Based on the other residual plots, we can assume that the linearity assumption is met. The residuals are normally distributed and uncorrelated with any of the predictors.
Thus, the model assumptions hold.
boxplot(fit$residuals)
#Residuals against Y_hat = Brand Liking
library(ggplot2)
qplot(x=fit$residuals,
y=fit$model$Y,
xlab="Residuals",
ylab="Brand Liking")
#Residuals against X1 = Moisture Content
qplot(x=fit$residuals,
y=fit$model$X1,
xlab="Residuals",
ylab="Moisture Content")
#Residuals againt X2 = Sweetness
qplot(x=fit$residuals,
y=fit$model$X2,
xlab="Residuals",
ylab="Sweetness")
#Residuals against X1*X2
qplot(x=fit$residuals,
y=fit$model$X1*fit$model$X2,
xlab="Residuals",ylab="Moisture Content times Sweetness")
After viewing the QQ plot and conducting the Shapiro Wilk normality test, we fail to reject the \(H_0\) that the data is normal based on the p-value of 0.922 > \(\alpha =0.05\) an the relatively straight qq plot.
plot(fit)
shapiro.test(fit$residuals)
##
## Shapiro-Wilk normality test
##
## data: fit$residuals
## W = 0.97585, p-value = 0.9222
Hypothesis Test:
\(H_0: \beta_{1}= \beta_{2} = \dots \beta{p-1} = 0\)
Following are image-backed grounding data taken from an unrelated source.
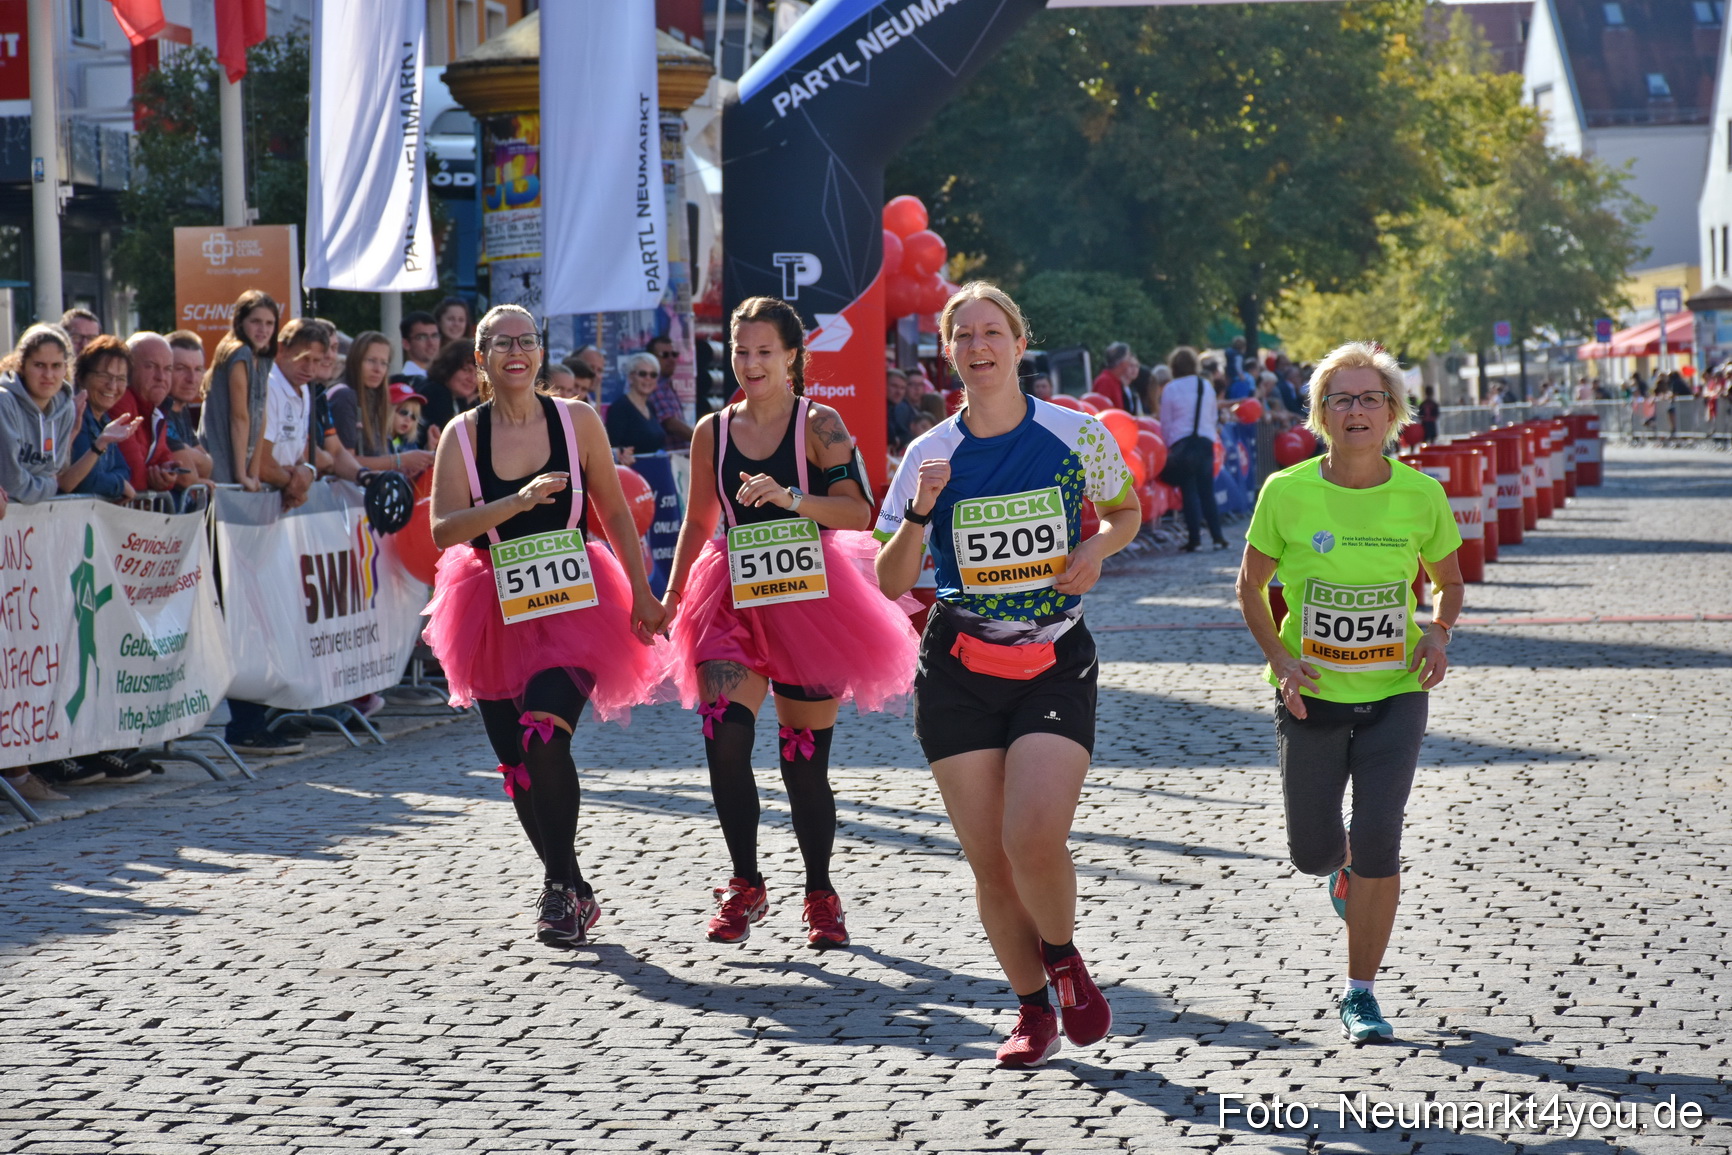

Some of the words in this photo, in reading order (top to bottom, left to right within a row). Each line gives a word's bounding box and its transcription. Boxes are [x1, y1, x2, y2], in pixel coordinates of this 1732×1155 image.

[772, 51, 861, 118] PARTL
[856, 0, 963, 60] NEUMA
[637, 92, 652, 219] NEUMARKT
[638, 222, 660, 292] PARTL
[803, 384, 855, 399] ufsport
[961, 493, 1055, 525] BOCK
[498, 533, 577, 564] BOCK
[734, 521, 813, 548] BOCK
[967, 524, 1055, 562] 5209
[506, 557, 581, 594] 5110
[740, 546, 814, 579] 5106
[977, 563, 1053, 583] CORINNA
[527, 592, 570, 609] ALINA
[751, 580, 808, 596] VERENA
[1311, 583, 1400, 609] BOCK
[1314, 612, 1394, 642] 5054
[1312, 644, 1395, 661] LIESELOTTE
\(H_A:\) Atleast one \(\beta_{1}, \beta_{2}, \dots, \beta{p-1} \neq 0\)
Decision Rule:
If \(F* > F\), then reject \(H_0\).
Conclusion:
From our ANOVA table, we know that \(F*=129.1\) Below we calculated F=8.8615. Thus, since the values of \(F* > F\), we reject the null hypothesis that \(H_0: \beta_{1}= \beta_{2} = \dots \beta{p-1} = 0\). Additionally, the p-value below from the summary output is below \(\alpha = 0.01\)
This test implies that atleast one of B1 and B2 are not equal to 0 and there exists a linear relationship.
anova(fit)
## Analysis of Variance Table
##
## Response: Y
## Df Sum Sq Mean Sq F value Pr(>F)
## X1 1 1566.45 1566.45 215.947 1.778e-09 ***
## X2 1 306.25 306.25 42.219 2.011e-05 ***
## Residuals 13 94.30 7.25
## ---
## Signif. codes: 0 '***' 0.001 '**' 0.01 '*' 0.05 '.' 0.1 ' ' 1
summary(fit)
##
## Call:
## lm(formula = Y ~ X1 + X2, data = ch6)
##
## Residuals:
## Min 1Q Median 3Q Max
## -4.400 -1.762 0.025 1.587 4.200
##
## Coefficients:
## Estimate Std. Error t value Pr(>|t|)
## (Intercept) 37.6500 2.9961 12.566 1.20e-08 ***
## X1 4.4250 0.3011 14.695 1.78e-09 ***
## X2 4.3750 0.6733 6.498 2.01e-05 ***
## ---
## Signif. codes: 0 '***' 0.001 '**' 0.01 '*' 0.05 '.' 0.1 ' ' 1
##
## Residual standard error: 2.693 on 13 degrees of freedom
## Multiple R-squared: 0.9521, Adjusted R-squared: 0.9447
## F-statistic: 129.1 on 2 and 13 DF, p-value: 2.658e-09
a <- 0.01
n <- nrow(ch6)
F_test <- qf((1-a),1,n-2)
F_test
## [1] 8.861593
The p-value of as listed in the summary statistics is 2.658e-09.
The \(R^2\) value is 0.952 from the summary statistics of the model.